Proposed Massachusetts bill would reduce inmate sentences if they donate organs
BOSTON - A proposed bill in Massachusetts would allow inmates to receive up to a year off of their prison sentences in exchange for donating their organs or bone marrow.
Under HD.3822, called "Act to establish the Massachusetts incarcerated individual bone marrow and organ donation program," eligible individuals who are behind bars could receive between 60 and 365 days off of their sentences in exchange for the donation.
The bill was filed on Jan. 20 in the Massachusetts State House by State Representatives Carlos González and Judith A. García.
If passed, the act would create a five-person committee to oversee the implementation and ongoing administration of the program, made up of two Department of Corrections officials, a bone marrow and organ donation specialist from a state hospital, an advocate for organ donation, and an advocate for prisoner’s rights.
The committee would determine the eligibility standards to participate in the donation program and the amount of one’s sentence that would be commuted. It would also file annual reports on the amounts of bone marrow and organs donated, and the estimated "life-savings associated with said donations," the bill states.
"There shall be no commissions or monetary payments to be made to the Department of Correction for bone marrow donated by incarcerated individuals," it adds.

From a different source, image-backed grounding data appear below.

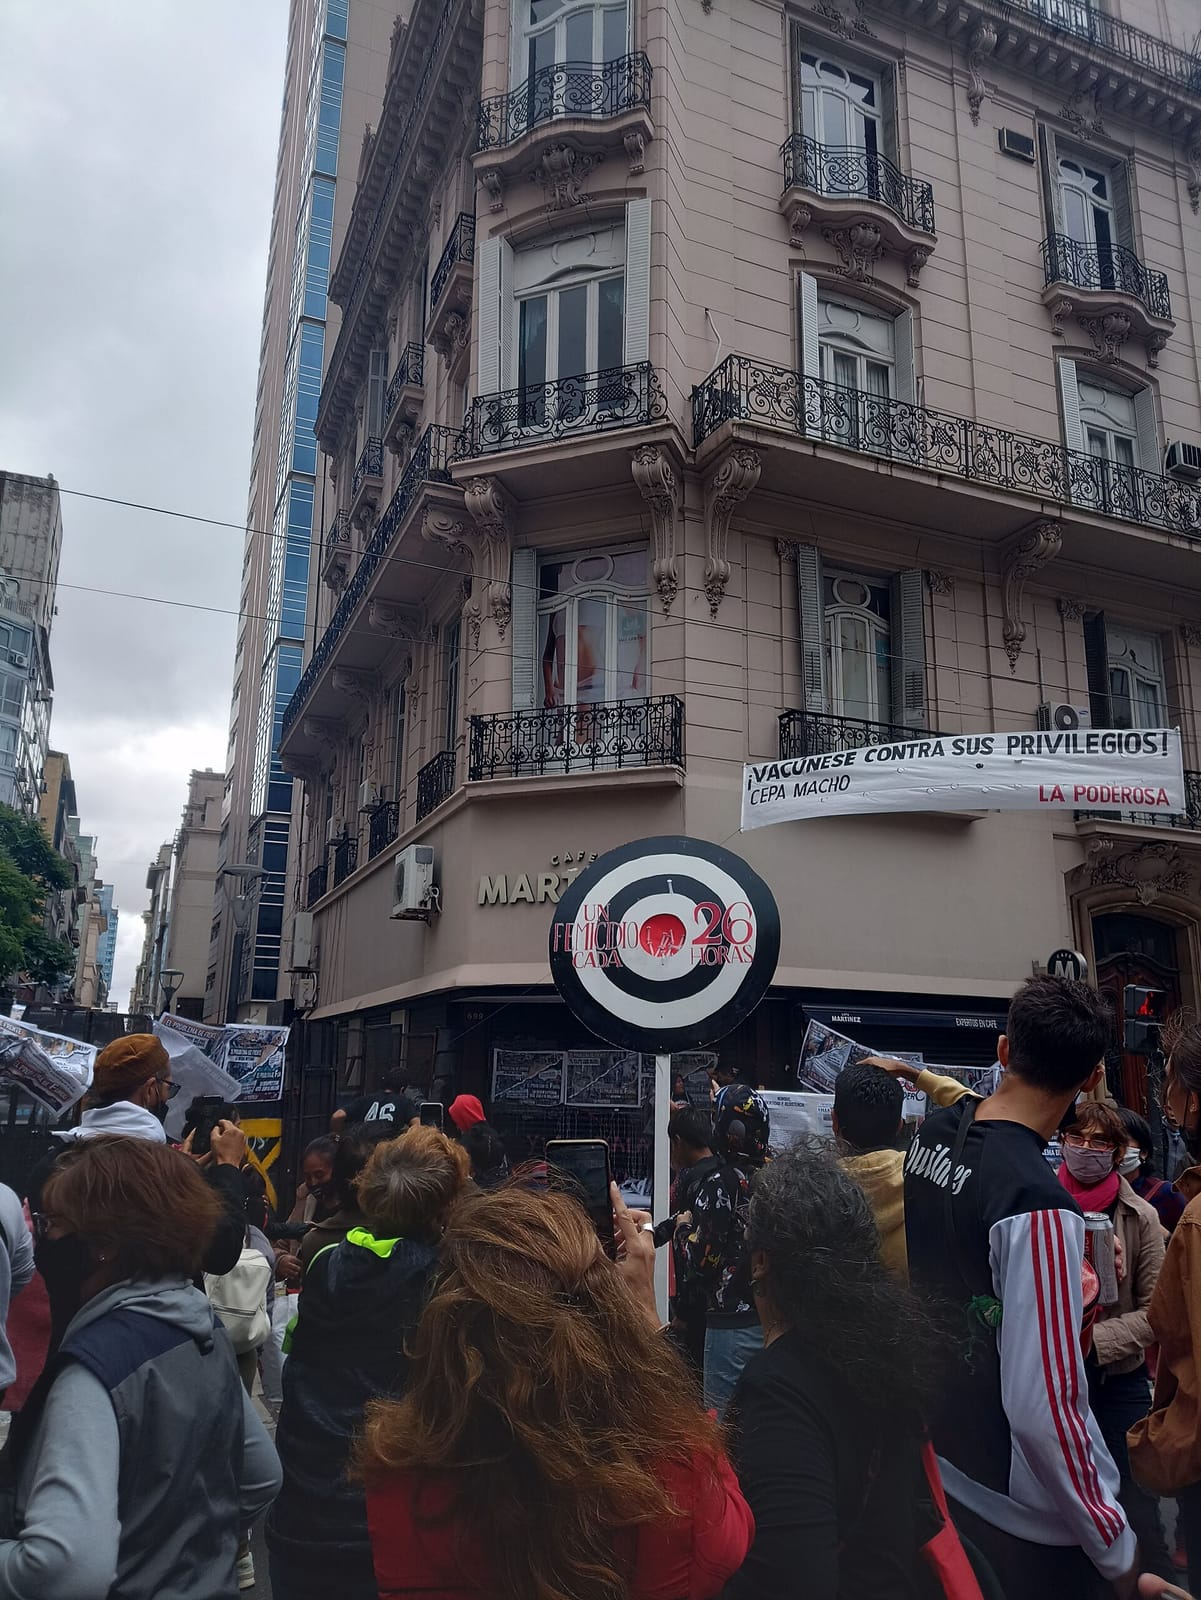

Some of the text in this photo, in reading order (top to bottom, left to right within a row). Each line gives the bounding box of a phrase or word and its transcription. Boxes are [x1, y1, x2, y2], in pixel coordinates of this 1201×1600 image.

[747, 731, 1169, 792] ¡VACÚNESE CONTRA SUS PRIVILEGIOS!
[750, 774, 851, 806] CEPA MACHO
[1039, 784, 1170, 807] LA PODEROSA
[584, 903, 611, 922] UN
[691, 901, 754, 946] 26
[553, 921, 639, 952] FEMICIDIO
[572, 951, 623, 969] CADA
[689, 945, 754, 966] HORAS
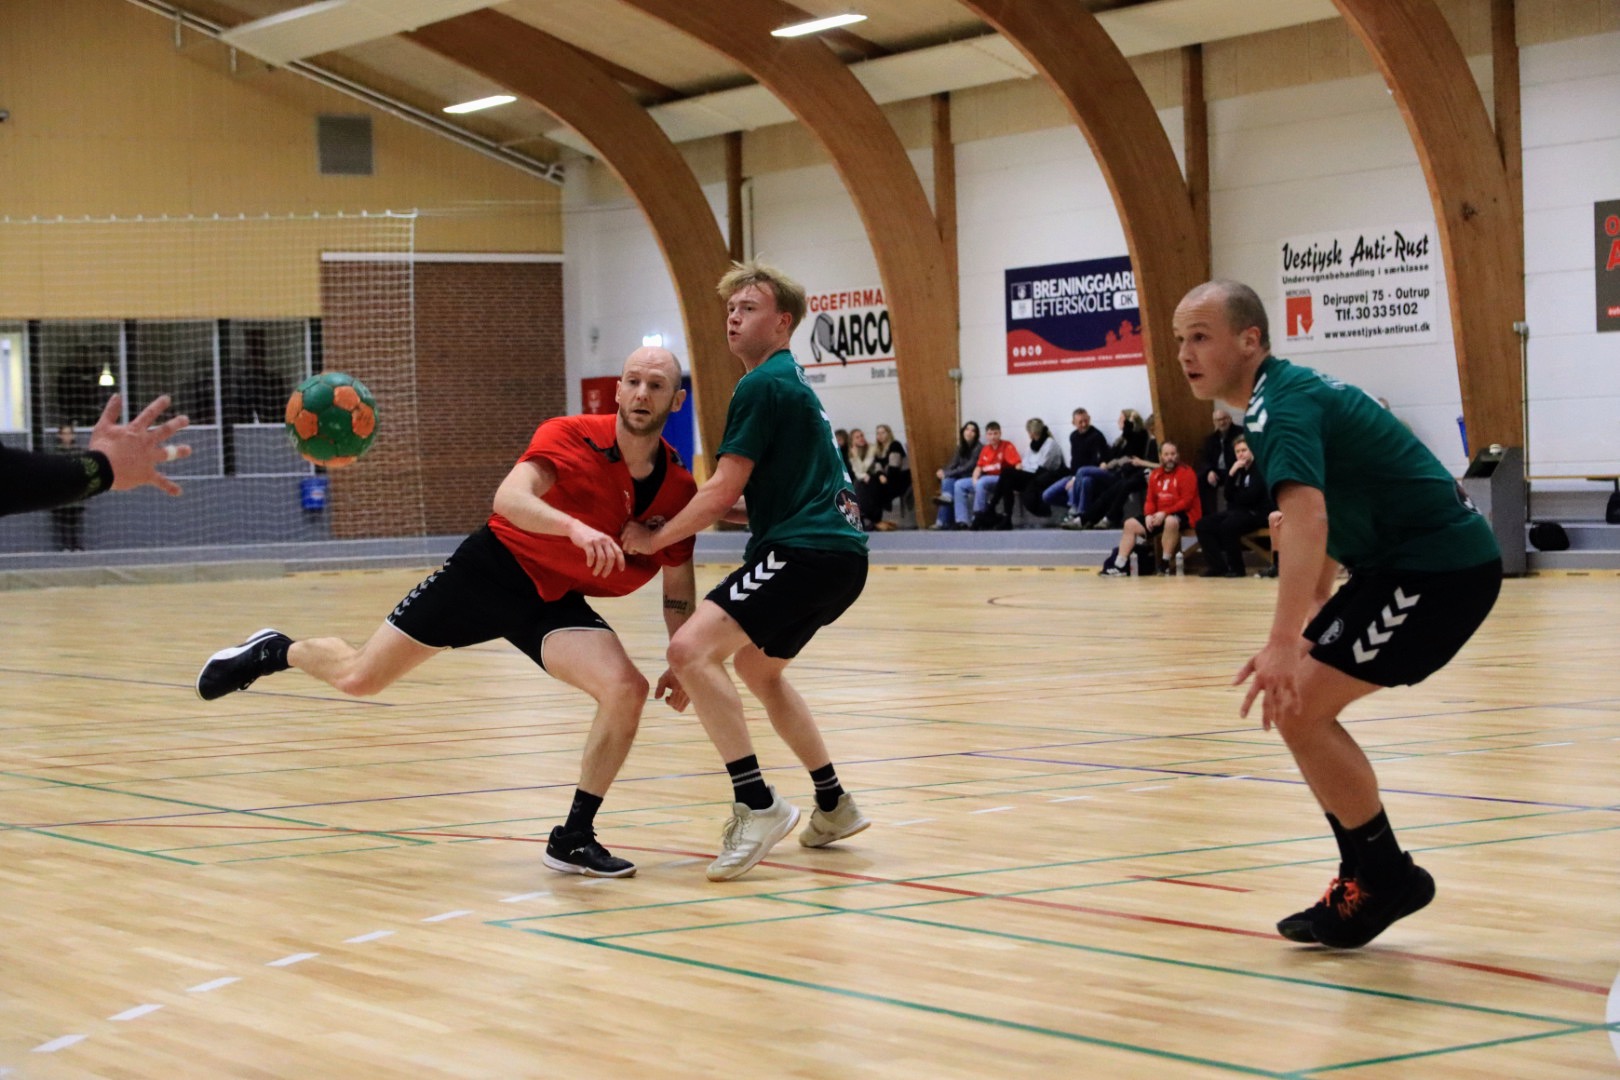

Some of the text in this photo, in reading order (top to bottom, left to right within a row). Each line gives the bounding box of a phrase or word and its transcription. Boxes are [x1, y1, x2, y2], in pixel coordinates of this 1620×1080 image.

[1282, 230, 1429, 273] Vestjysk Anti-Rust
[1282, 268, 1375, 284] Undervognsbehandling
[1384, 263, 1429, 275] særklasse
[806, 288, 884, 312] GGEFIRMA
[1034, 293, 1112, 318] EFTERSKOLE
[1323, 287, 1430, 307] Dejrupvej 75 Outrup
[1335, 308, 1354, 321] Tlf.
[1324, 321, 1430, 339] www.vestjysk-antirust.dk

Garcia, a Democrat who represents the 11th Suffolk district in Chelsea, did not respond to a request for comment. But the lawmaker shared an infographic on Twitter about the legislation — which states that there is no current path to organ or bone marrow donation for people who are incarcerated in the state, even if a relative were in need.

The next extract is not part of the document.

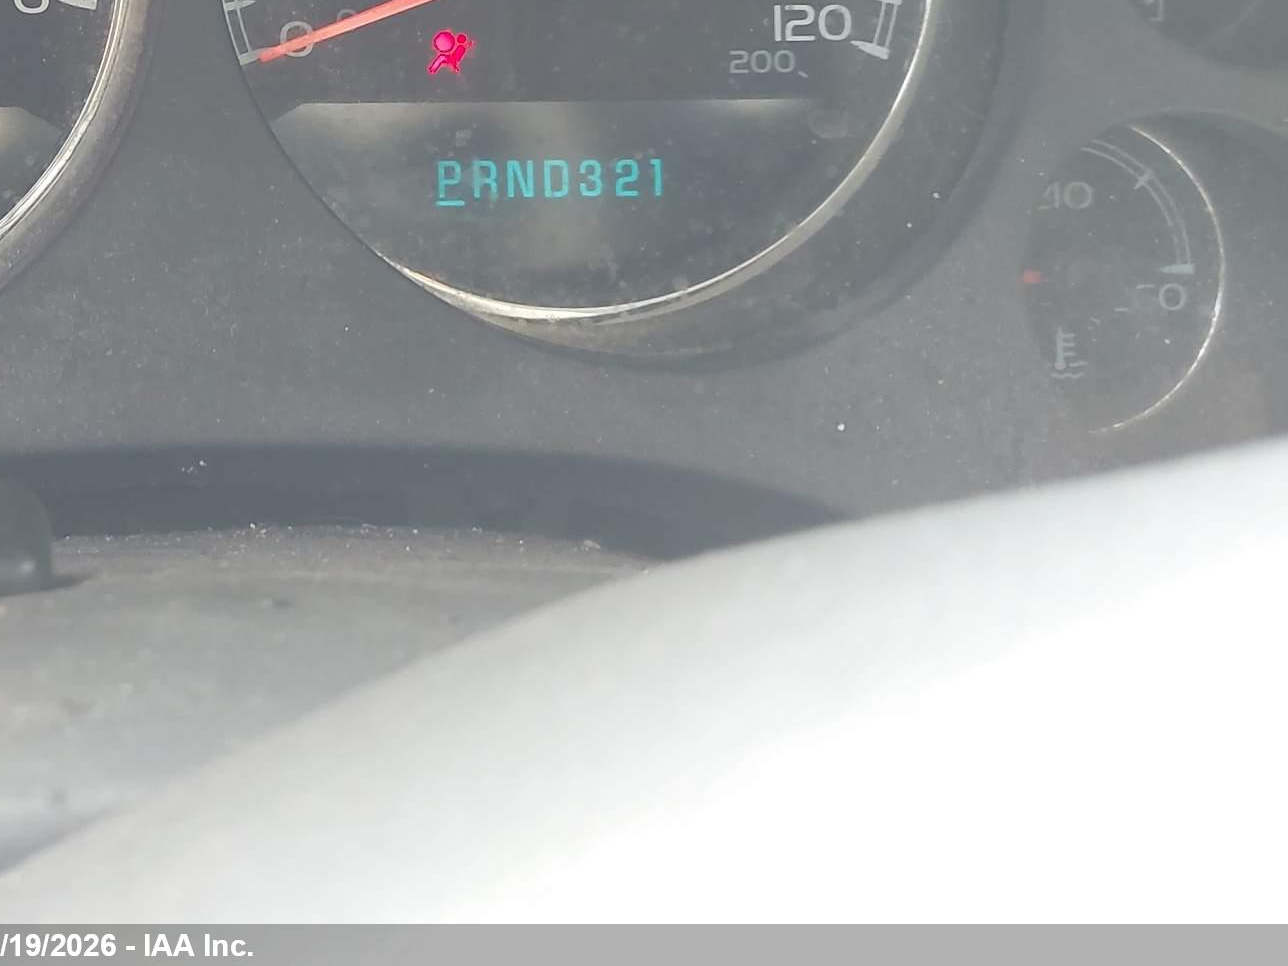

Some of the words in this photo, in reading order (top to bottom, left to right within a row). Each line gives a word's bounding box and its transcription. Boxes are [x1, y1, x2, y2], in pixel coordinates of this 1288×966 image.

[279, 20, 314, 57] 0
[774, 5, 852, 41] 120
[729, 52, 795, 74] 200
[437, 158, 662, 198] PRND321

The bill would "restore bodily autonomy to incarcerated folks by providing opportunity to donate organs and bone marrow," the graphic states.
It also mentioned the long waitlist for organ transplants. In Massachusetts, there are currently more than 4,000 people waiting for organs in the state.
However, many have raised concerns about the bill, including its potential for coercion.
"Incarceration is NOT a place of autonomy nor a place with adequate medical care. This is coercive and disrespectful," one person wrote in response to Garcia’s tweet.
"HD 3822 is terrifying. It assumes people who are incarcerated retain full bodily autonomy and access to medical care. This is not ‘restoring bodily autonomy.’ It’s taking advantage of those incarcerated in our state," another responded.
State data shows that nearly 28% of people incarcerated in Massachusetts last month were Black and 29% were listed as Hispanic/Latino. Meanwhile, these groups only make up 9.3% and 12.8% of the state’s population, respectively.
The Prisoners' Legal Services of Massachusetts, an advocacy and legal aid group, said in a statement to FOX Television Stations that it was in touch with the bills' sponsors to better understand the intent behind the legislation and said it shares "many of the concerns being raised regarding the potential for coercion and impact of inadequate medical care in carceral settings."
"We understand that some incarcerated people may want to donate organs to loved ones, and we are also cognizant of the racial inequity in our health system that has left (black, Indigenous and people of color) more at risk for unmet needs in this critical area," Jesse White, PLS' policy director, said in a statement.
White added: "We believe the solution must target the underlying structural problems leading to health disparities, including ongoing needless incarceration of so many who could live freely and safely in our communities."
González, the other co-sponsor of the bill, did not immediately respond to a request for comment. The Democrat, who represents Massachusetts’ 10th Hampden District in Springfield, told Boston.com that a number of medical conditions put people of color at risk for organ failure and pointed to higher risks of diabetes and heart disease among Hispanic and Black populations, and higher rates of chronic liver disease among Hispanic people.
González told the news outlet that broadening the pool of potential donors could be an effective way to increase the likelihood of those patients receiving critical care.
"We must provide every person who is incarcerated with the guidance of medical experts and advocates in order to ensure them the same rights and opportunities that every individual in Massachusetts has to save the life of their mother, father, brother, sister, child or friend," González told Boston.com.
"In my view, there is no compelling reason to bar inmates from this," he added. "One of our goals is to provide information and education on the disproportionate number of Blacks and Latinos dying while waiting for donors."
Kevin Ring, president of the nonprofit advocacy organization Families Against Mandatory Minimums, told Insider that the program "seems like something out of a science fiction book or horror story."
"It's just this sort of idea that we have this class of subhumans whose body parts [we] will harvest because they're not like us or because they're so desperate for freedom that they'd be willing to do this," Ring told the news outlet.
This story was reported from Cincinnati.